I’m trying to configure the JWT Plugin to work w/Okta. I’m having problems properly configuring the plugin for RS256. The main issue I’m running into is how to convert the data I get back when getting the JWKS from the well known endpoint. Apparently Kong JWT want this information in PEM format and I’m having little luck converting the limited data I get back from the JWKS endpoint into PEM format. I seem to be missing the “d” value which apparently is needed to complete the conversion. I believe others have had success with this approach. What am I missing? Thanks in advance.

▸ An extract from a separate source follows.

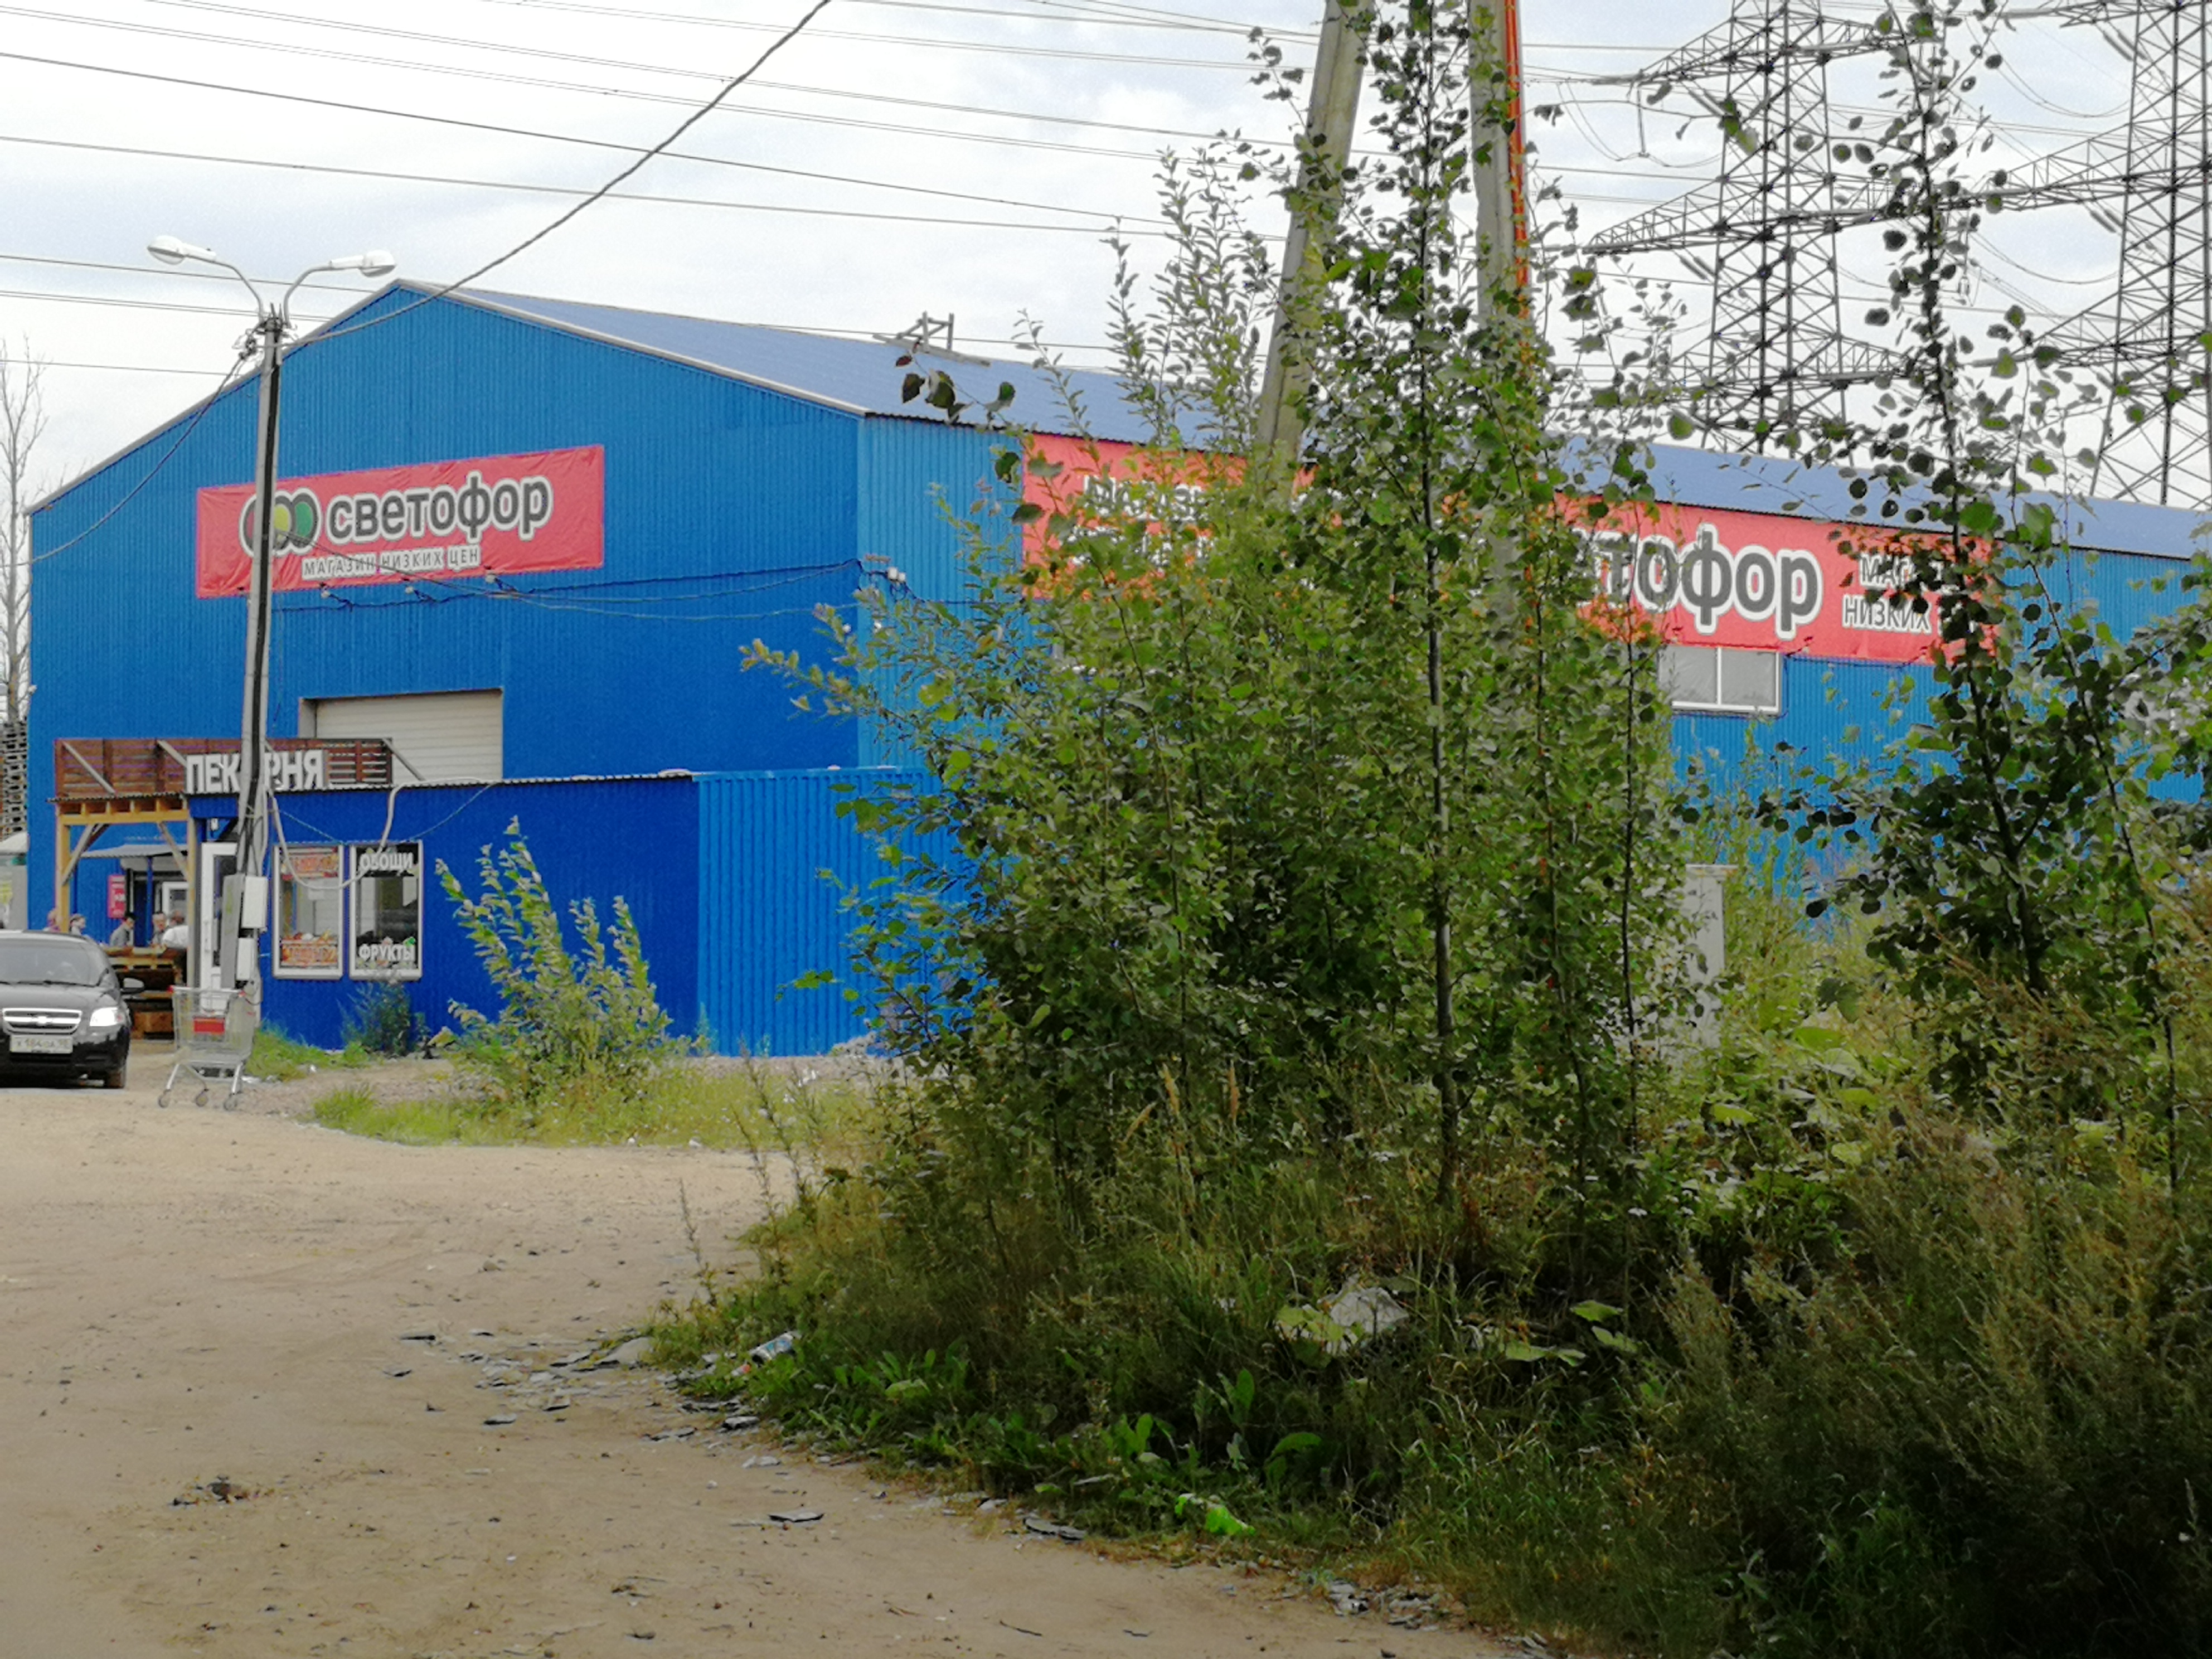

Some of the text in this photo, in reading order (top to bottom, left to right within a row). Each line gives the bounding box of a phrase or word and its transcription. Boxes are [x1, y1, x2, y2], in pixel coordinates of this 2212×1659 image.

PS: others are also having the same issue. See: Verify token signature - Questions - Okta Developer Forums
I’m going to provide the solution I used to get this to work for future needs. The most difficult part of getting this to work was obtaining the Okta public-rsa-key (associated with the JWT signature) in PEM format. I eventually succeeded by forking a superseded github project and doing some minor modifications to get it to work with an Okta default AuthZ server. Patched copy of modifications available at: /jridge/okta-jwks-to-pem. Even after that I needed to hand modify the resulting PEM and replace all the “\n” with Windows [Enter] key. Probably easier if I did this using Linux. After that I had a suitable PEM representation of the Okta Public JWT signing key. I entered this value into the Kong consumer certificate and now I have the Kong Open Source JWT plugin verifying the Okta Access Tokens. Enjoy!